--- WHAT IS REQUIRED ---
Please output the listing exactly as it stands, but omit any images.

--- DATA FOR THIS EXERCISE ---
= = = = = = =

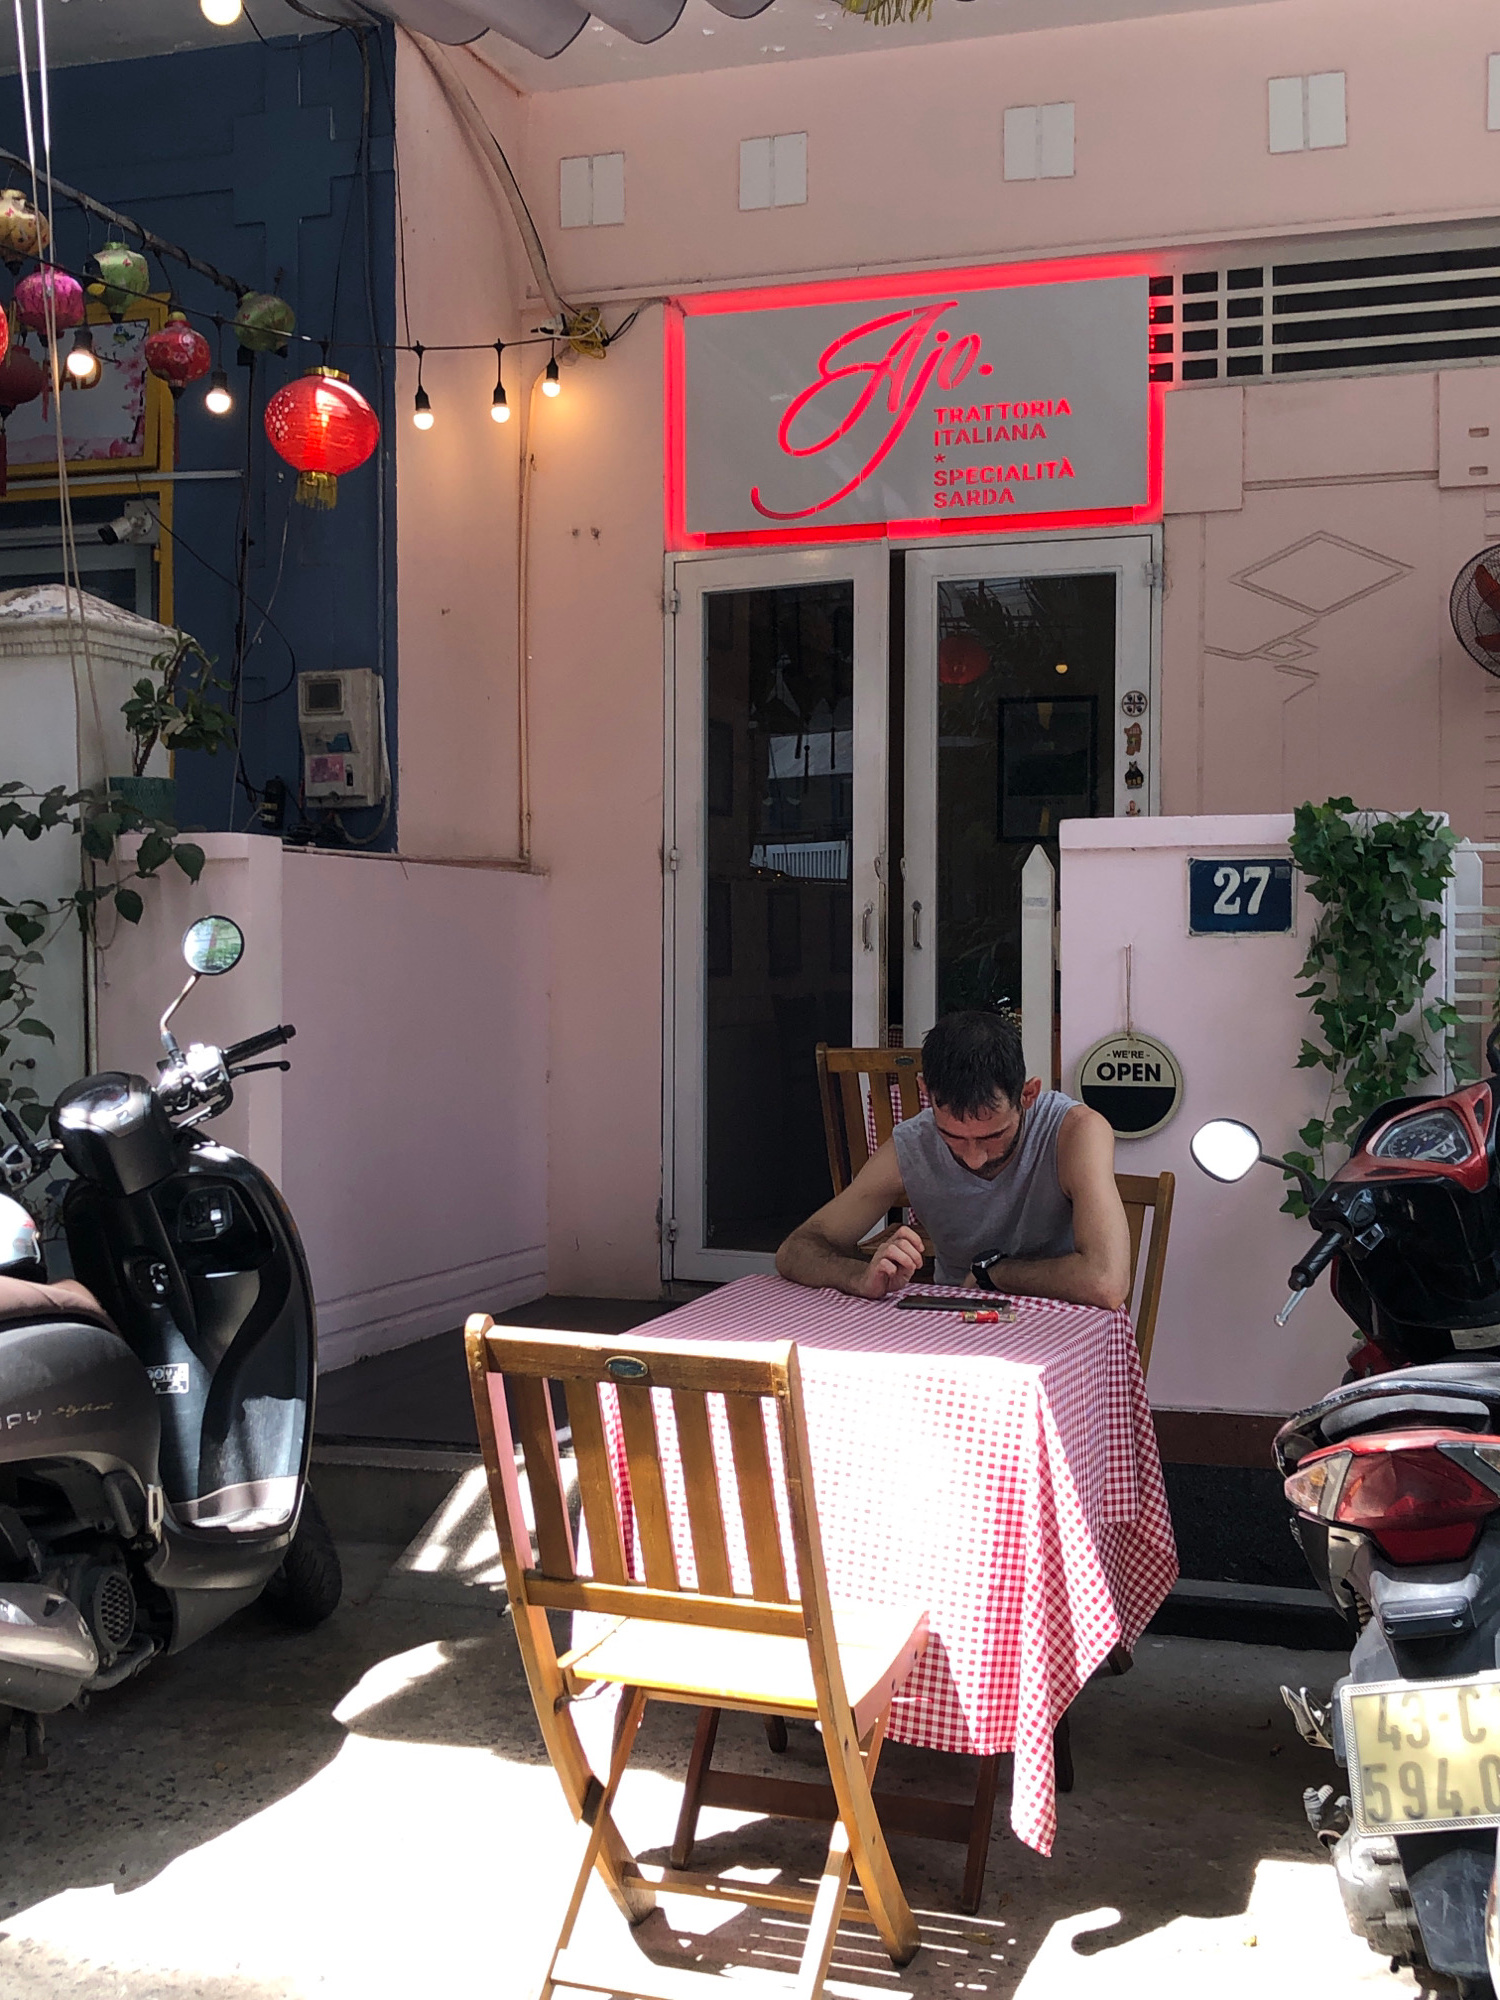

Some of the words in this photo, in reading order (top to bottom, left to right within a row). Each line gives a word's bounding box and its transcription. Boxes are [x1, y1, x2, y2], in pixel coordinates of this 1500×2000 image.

[933, 397, 1072, 425] TRATTORIA
[933, 422, 1047, 447] ITALIANA
[933, 455, 1076, 487] SPECIALITÀ
[933, 487, 1016, 509] SARDA
[1213, 866, 1272, 915] 27
[1112, 1050, 1145, 1059] WE'RE
[1096, 1062, 1162, 1082] OPEN

= = = = = = =

--- YOUR SOLUTION ---
Some of the words in this photo, in reading order (top to bottom, left to right within a row). Each line gives a word's bounding box and its transcription. Boxes are [x1, y1, x2, y2], in pixel coordinates of this 1500×2000 image.

[933, 397, 1072, 425] TRATTORIA
[933, 422, 1047, 447] ITALIANA
[933, 455, 1076, 487] SPECIALITÀ
[933, 487, 1016, 509] SARDA
[1213, 866, 1272, 915] 27
[1112, 1050, 1145, 1059] WE'RE
[1096, 1062, 1162, 1082] OPEN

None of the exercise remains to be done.